● TASK TO COMPLETE
Every record must come back unchanged, apart from the pictures, which are dropped.
━━━━━━━━━━━━━━━━━━━━
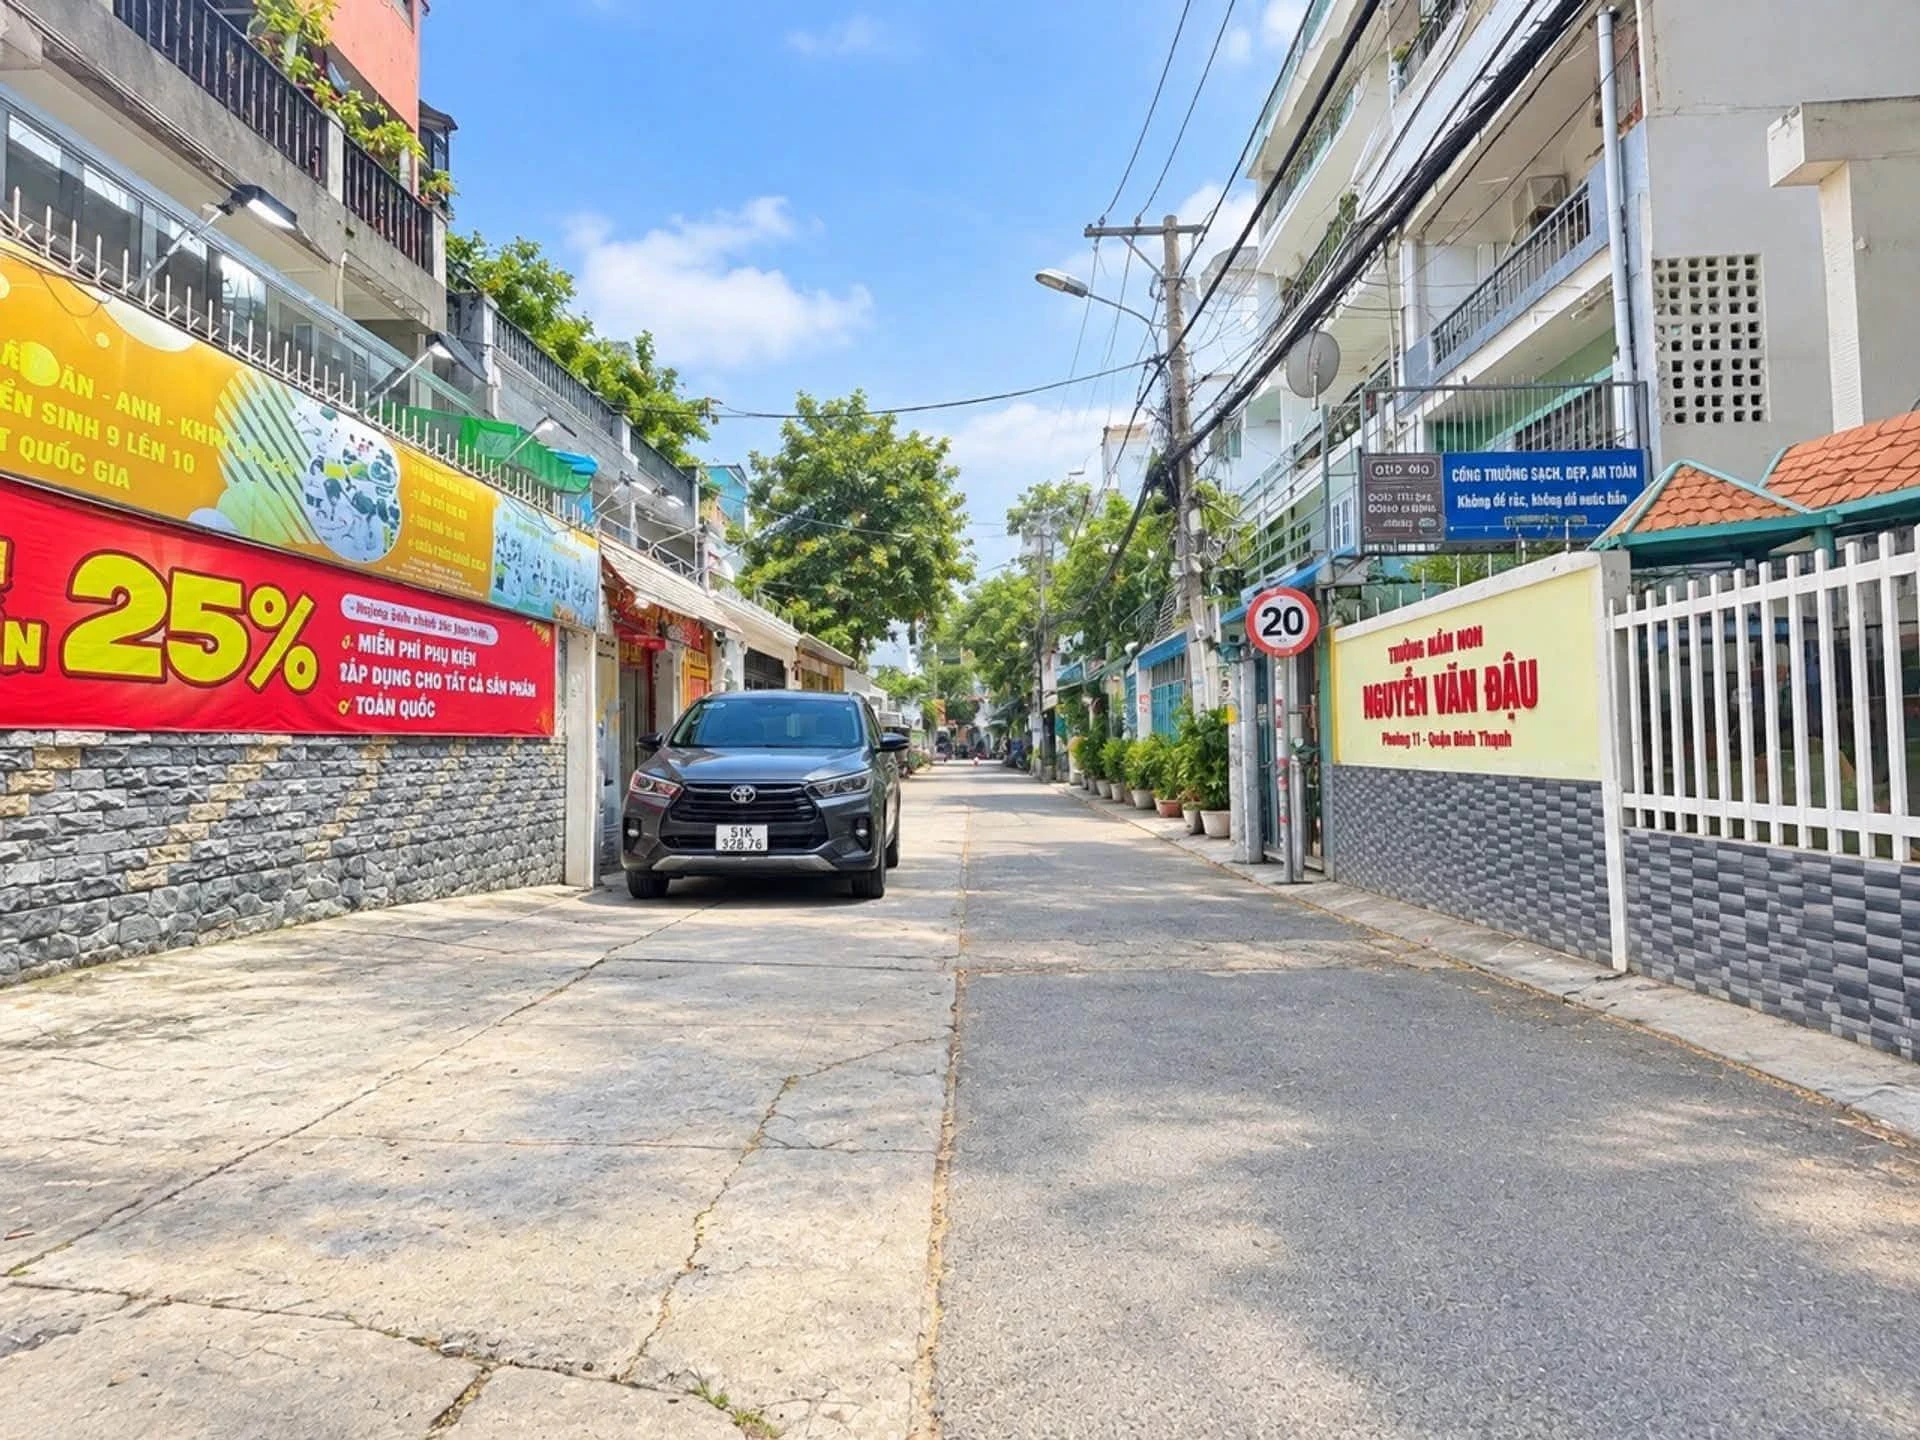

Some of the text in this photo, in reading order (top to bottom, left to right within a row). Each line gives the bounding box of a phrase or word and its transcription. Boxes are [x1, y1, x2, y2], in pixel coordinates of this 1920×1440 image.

[115, 391, 161, 426] ANH
[42, 401, 99, 440] SINH
[106, 425, 120, 448] 9
[127, 432, 165, 464] LÊN
[172, 449, 195, 473] 10
[19, 435, 86, 475] QUỐC
[93, 459, 130, 489] GIA
[1591, 466, 1607, 480] AN
[1608, 461, 1637, 479] TOÀN
[1457, 492, 1491, 510] Không
[61, 549, 319, 693] 25%
[1262, 606, 1304, 636] 20
[1457, 625, 1484, 651] NON
[372, 665, 411, 690] DỤNG
[415, 671, 442, 690] CHO
[1433, 661, 1478, 716] VĂN
[1484, 651, 1538, 721] ĐẬU
[399, 692, 436, 720] QUỐC
[1412, 731, 1421, 746] 11
[1477, 729, 1512, 750] Thạnh
[730, 826, 752, 838] 51K
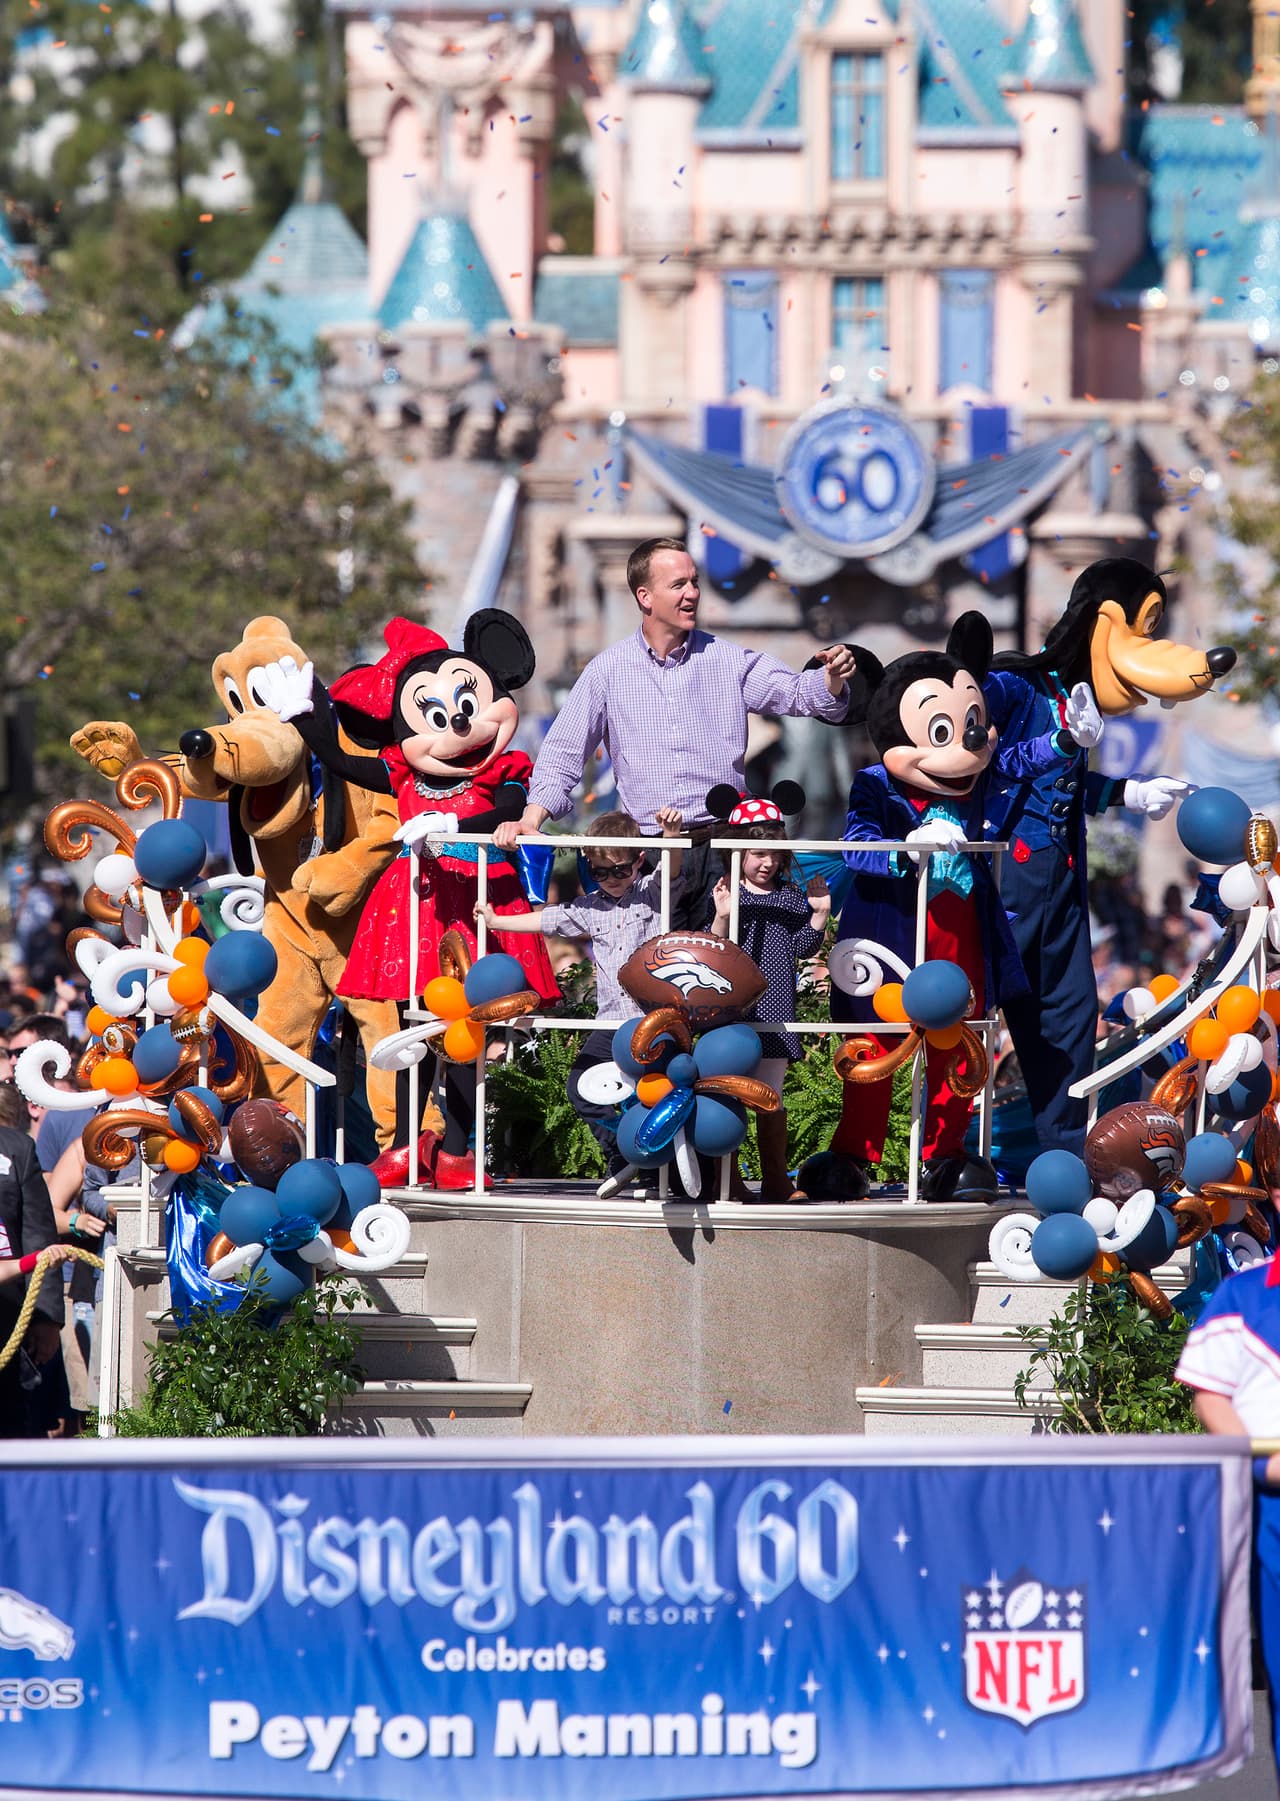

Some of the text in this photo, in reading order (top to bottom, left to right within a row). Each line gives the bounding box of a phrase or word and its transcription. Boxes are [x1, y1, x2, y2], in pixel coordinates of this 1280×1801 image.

[811, 447, 898, 514] 60
[172, 1475, 859, 1634] Disneyland 60
[607, 1606, 715, 1626] RESORT
[421, 1636, 606, 1672] Celebrates
[974, 1640, 1076, 1712] NFL
[209, 1693, 817, 1772] Peyton Manning
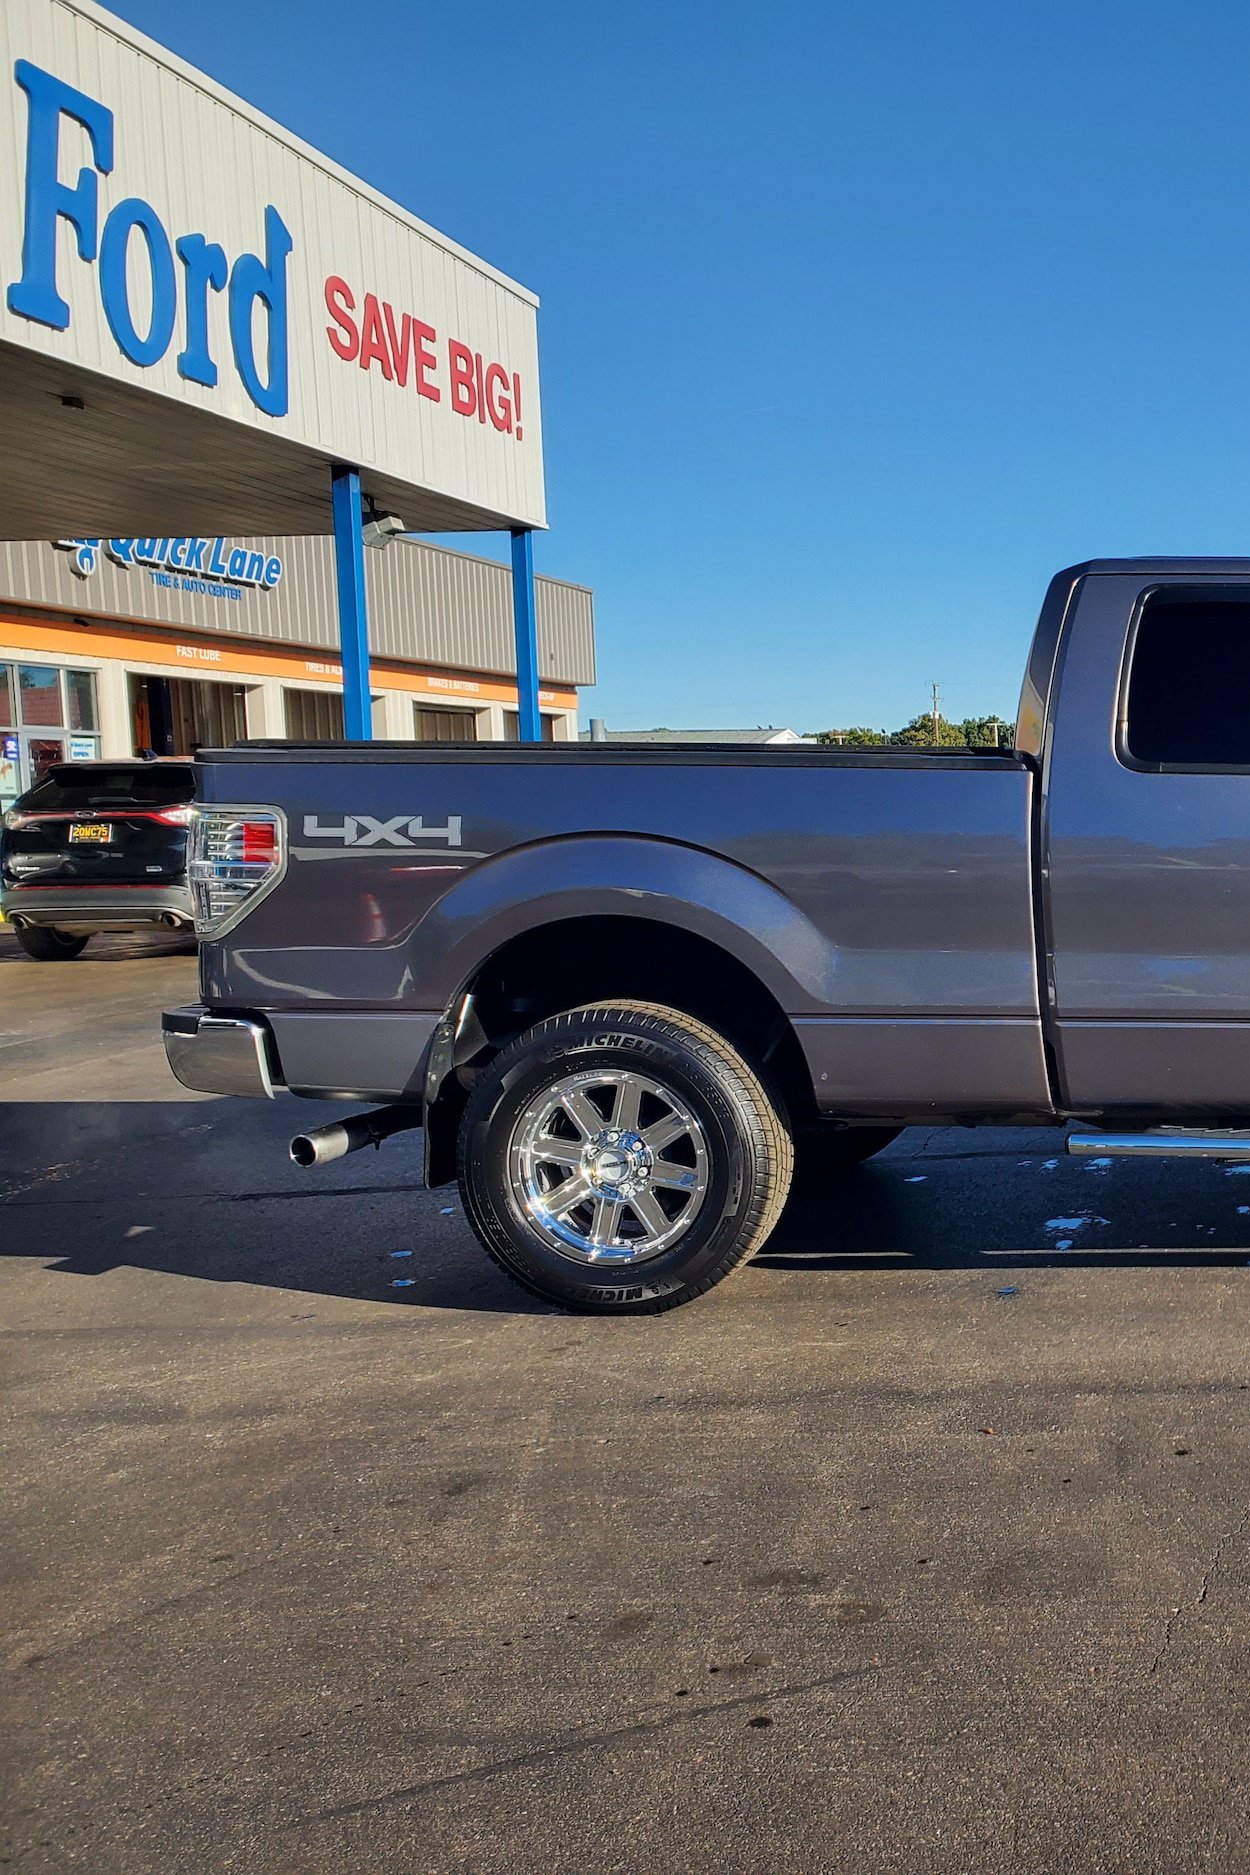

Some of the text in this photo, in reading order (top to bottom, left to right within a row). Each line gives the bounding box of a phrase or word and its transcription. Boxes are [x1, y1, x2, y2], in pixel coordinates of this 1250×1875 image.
━━━━━━━━━━━━━━━━━━━━
● ANSWER SECTION
Some of the text in this photo, in reading order (top to bottom, left to right within a row). Each line gives the bounding box of a phrase or word and its transcription. Boxes are [x1, y1, x2, y2], in pixel coordinates of this 1920×1440 image.

[115, 391, 161, 426] ANH
[42, 401, 99, 440] SINH
[106, 425, 120, 448] 9
[127, 432, 165, 464] LÊN
[172, 449, 195, 473] 10
[19, 435, 86, 475] QUỐC
[93, 459, 130, 489] GIA
[1591, 466, 1607, 480] AN
[1608, 461, 1637, 479] TOÀN
[1457, 492, 1491, 510] Không
[61, 549, 319, 693] 25%
[1262, 606, 1304, 636] 20
[1457, 625, 1484, 651] NON
[372, 665, 411, 690] DỤNG
[415, 671, 442, 690] CHO
[1433, 661, 1478, 716] VĂN
[1484, 651, 1538, 721] ĐẬU
[399, 692, 436, 720] QUỐC
[1412, 731, 1421, 746] 11
[1477, 729, 1512, 750] Thạnh
[730, 826, 752, 838] 51K

Some of the text in this photo, in reading order (top to bottom, left to right within a row). Each line gives the bounding box of a phrase or word and its transcription. Boxes are [x1, y1, x2, y2], in pixel coordinates of this 1280×1801 image.

[811, 447, 898, 514] 60
[172, 1475, 859, 1634] Disneyland 60
[607, 1606, 715, 1626] RESORT
[421, 1636, 606, 1672] Celebrates
[974, 1640, 1076, 1712] NFL
[209, 1693, 817, 1772] Peyton Manning

Some of the text in this photo, in reading order (top to bottom, left to right within a row). Each line gives the bounding box of a phrase or word and its transcription. Boxes are [x1, y1, x2, y2], in pixel coordinates of this 1250×1875 image.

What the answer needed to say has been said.